A few years ago he lost everything because of a natural phenomenon like that, so wild and uncertain. His possessions were wiped out or engulfed by a brutal destructive body of water, and since that day he had always lived with the floating sensation that it could repeat itself again. Just hearing the word “tsunami” felt a deep horror, so dense that it even took his breath away. After all, it was something that only those who had experienced closely the destruction that the sea can leave in its wake could understand.

He survived, but after many months, Shigeru kept thinking about everything that happened. The word “tsunami” came to his head from time to time, and just by saying it he felt the need to run and hide somewhere. It was as if he suddenly had the power to arouse a primal, raw, visceral panic ; that forced him to seek refuge. But he was sitting in a central terrace, safe, in a city located in the center of the Japanese archipelago. Far, far from the coast.

She was then able to grasp that, a few meters away, a group of young women were speaking aloud about the recent news of another tsunami that had ravaged the fishing villages in the south and east of the country. And although his words were guessed affected by that tragedy, it was perceived behind them that they had never experienced the cruel fury of nature on their own skin. They bought their respective coffees and left the place, chatting about some worldly and completely different matter.

Interpretation of the example

Shigeru was spending a nice day in solitude, fishing unpretentious.
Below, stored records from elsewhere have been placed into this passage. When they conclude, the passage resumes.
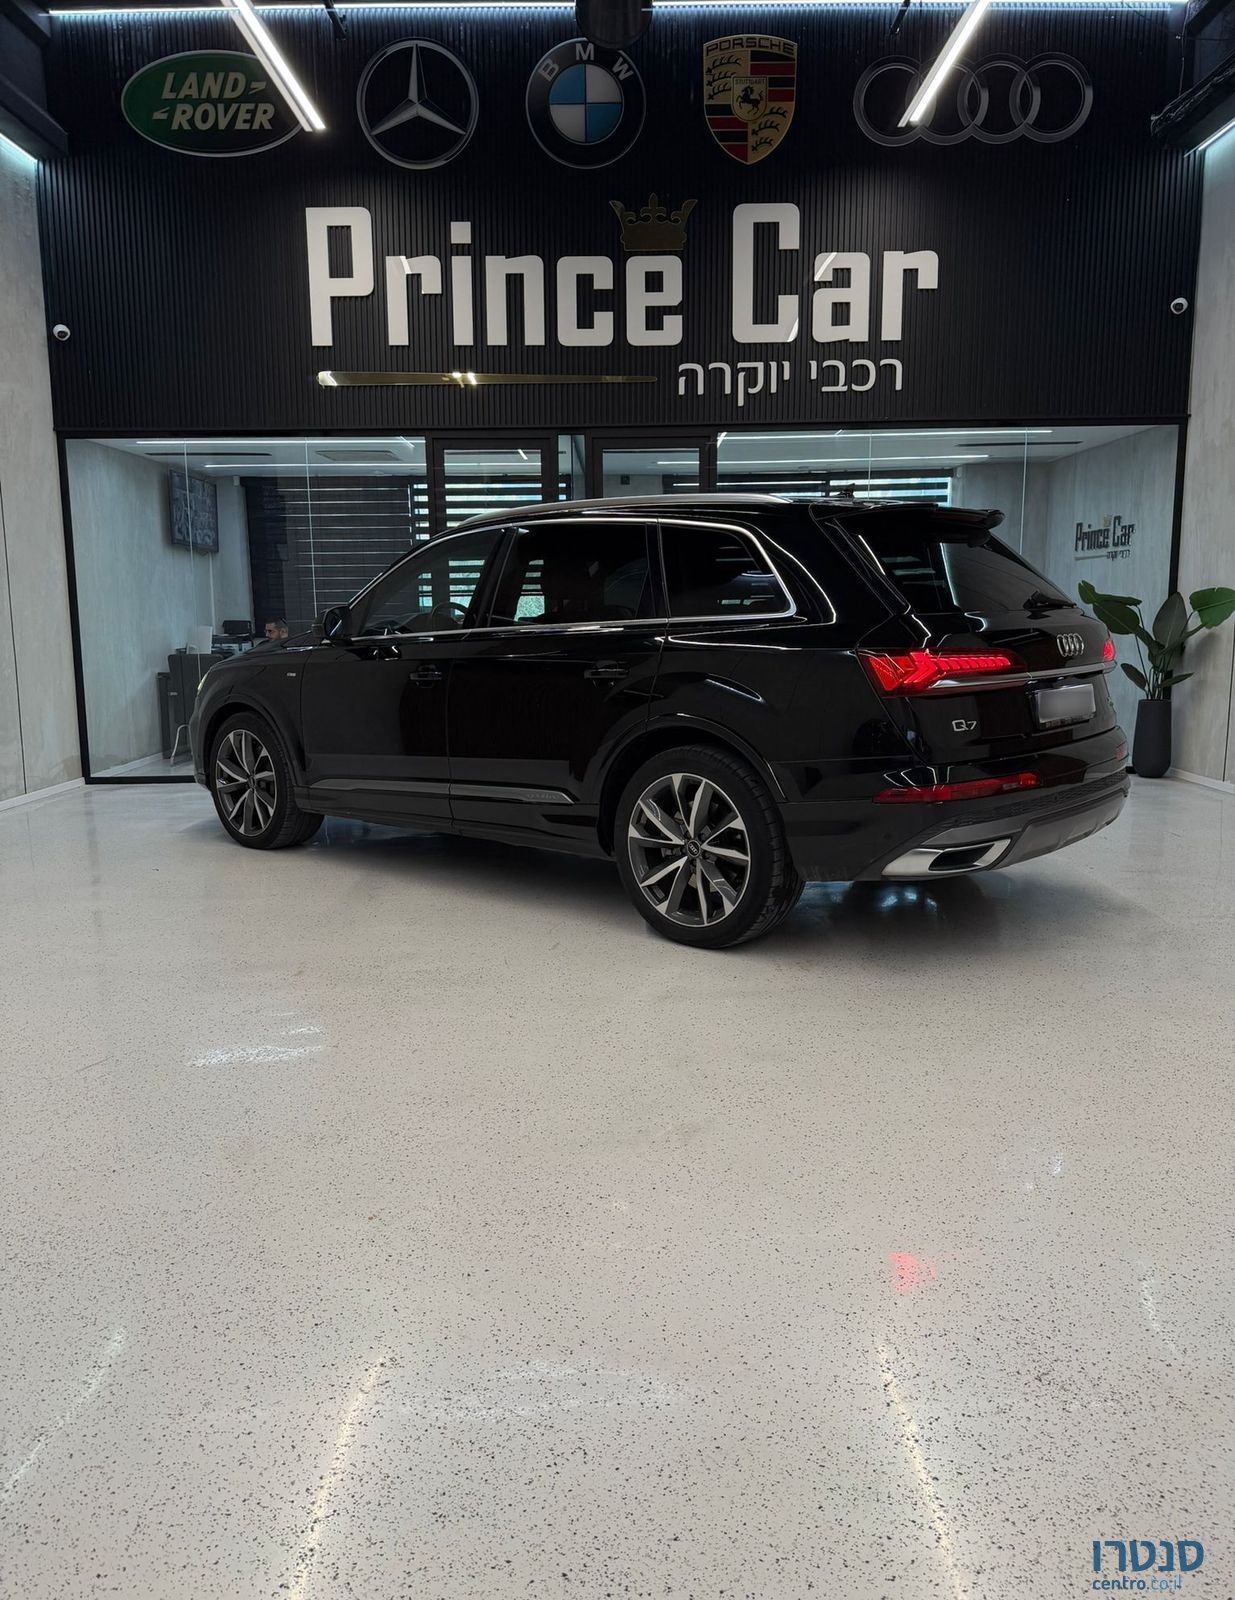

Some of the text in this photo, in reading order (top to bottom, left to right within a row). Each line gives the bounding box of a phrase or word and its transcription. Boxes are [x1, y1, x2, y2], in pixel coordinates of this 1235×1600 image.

[537, 43, 634, 81] BMW
[705, 37, 796, 56] PORSCHE
[161, 71, 247, 99] LAND
[171, 103, 275, 130] ROVER
[305, 202, 940, 347] Prince Car
[678, 358, 904, 407] רכבי יוקרה
[1075, 515, 1135, 551] Prince Car
[952, 719, 977, 732] Q7
After a while, he sensed a series of events around him (angry sea, birds fleeing and the deep roar of the ocean) that could mean in a single word: tsunami.

This term would act for him as a stimulus to respond to, of which he already had enough knowledge to understand its scope and risk. And all this despite the fact that the tsunami was not really present in the natural environment, but only the objective indications of its imminence (being at that time, therefore, a symbolic threat).
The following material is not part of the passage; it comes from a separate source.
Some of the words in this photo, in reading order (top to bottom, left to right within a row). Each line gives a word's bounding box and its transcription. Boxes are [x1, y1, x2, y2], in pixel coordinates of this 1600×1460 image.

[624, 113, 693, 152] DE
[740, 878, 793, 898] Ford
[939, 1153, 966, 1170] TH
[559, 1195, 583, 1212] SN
Because he once lost everything due to a natural phenomenon like that, and associated the term “tsunami” with very particular adverse experiences, he chose to flee quickly from there (out of all the options available in that situation). Thanks to the behavior he issued, he managed to take refuge and save his life.

The word “tsunami” would symbolize for him a whole series of difficult affections, since it had the power to evoke dramatic events in his life, but women who drank coffee were able to approach this question without feeling overwhelmed by the same pain. At this point , the different meanings that each human being can attribute to the same term are appreciated, according to the way in which he has been related during his life to the reality to which he refers, which is closely associated with the behavior and emotion that is it will unfold when it emerges into consciousness.

Bibliographic references:

  • Holland, PC (2008). Cognitive versus stimulus-response theories of learning. Learning Behavior, 36 (3), 227-241.
  • Tzeng, O., Landis, D. and Tseng, D. (2012). Charles E. Osgood’s continuing contributions to intercultural communication and far beyond! International Journal of Intercultural Relations, 36 (6), 832-842.